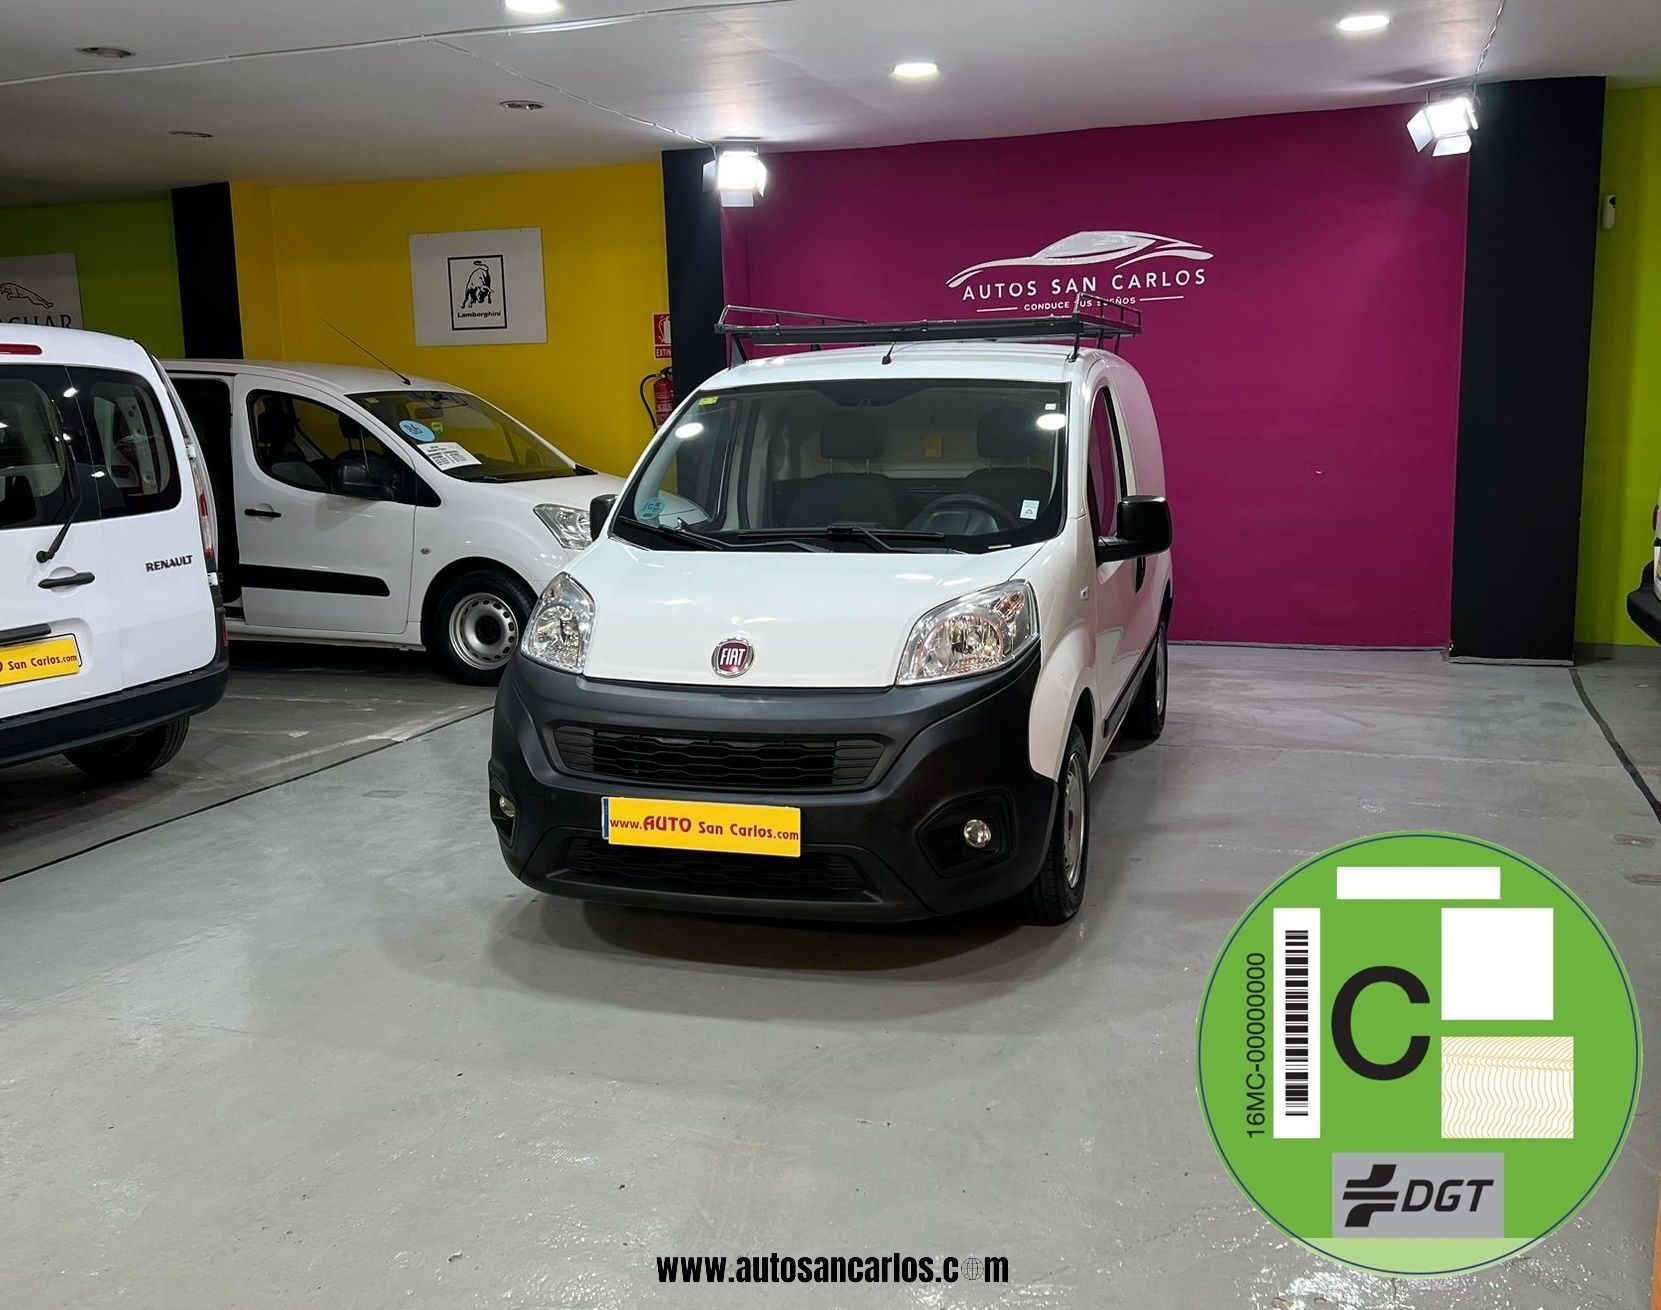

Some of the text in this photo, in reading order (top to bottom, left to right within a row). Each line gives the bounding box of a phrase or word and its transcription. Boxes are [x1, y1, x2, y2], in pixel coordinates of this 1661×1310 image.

[962, 268, 1206, 301] AUTOS SAN CARLOS
[457, 310, 502, 318] Lamborghini
[1023, 301, 1070, 312] CONDUCE
[145, 554, 193, 573] RENAULT
[8, 660, 27, 671] San
[30, 654, 77, 667] Carlos.com
[719, 647, 746, 666] FIAT
[698, 821, 723, 836] San
[729, 823, 799, 841] Carlos.com
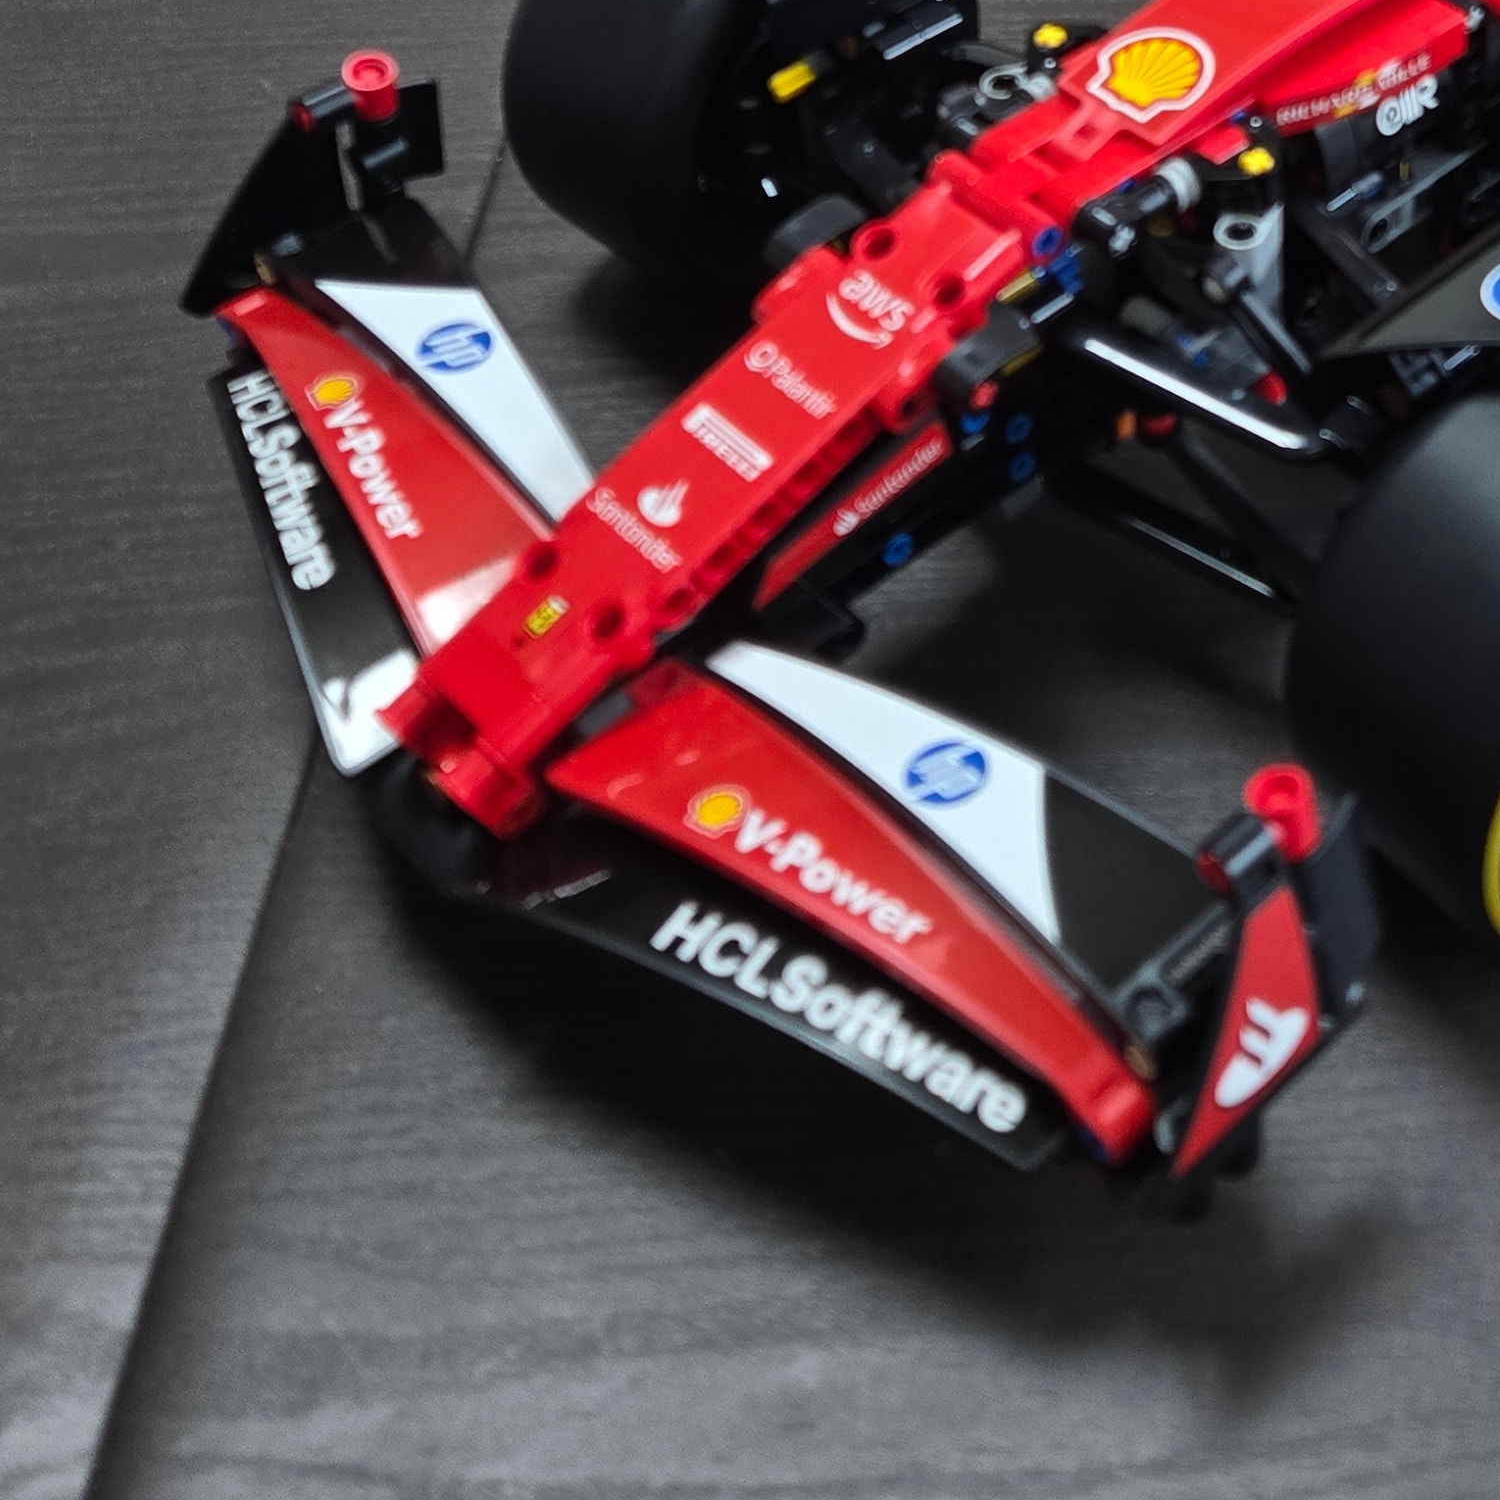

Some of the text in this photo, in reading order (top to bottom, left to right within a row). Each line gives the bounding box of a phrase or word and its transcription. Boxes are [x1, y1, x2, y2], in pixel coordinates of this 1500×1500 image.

PROBLEM DETAILS:
Reproduce each entry precisely. Leave the pictures out.

REPLY TO THE EXERCISE:
Some of the text in this photo, in reading order (top to bottom, left to right within a row). Each line gives the bounding box of a phrase or word and its transcription. Boxes are [x1, y1, x2, y2], in pixel coordinates of this 1661×1310 image.

[962, 268, 1206, 301] AUTOS SAN CARLOS
[457, 310, 502, 318] Lamborghini
[1023, 301, 1070, 312] CONDUCE
[145, 554, 193, 573] RENAULT
[8, 660, 27, 671] San
[30, 654, 77, 667] Carlos.com
[719, 647, 746, 666] FIAT
[698, 821, 723, 836] San
[729, 823, 799, 841] Carlos.com

Some of the text in this photo, in reading order (top to bottom, left to right within a row). Each line gives the bounding box of a phrase or word and its transcription. Boxes are [x1, y1, x2, y2], in pixel coordinates of this 1500×1500 image.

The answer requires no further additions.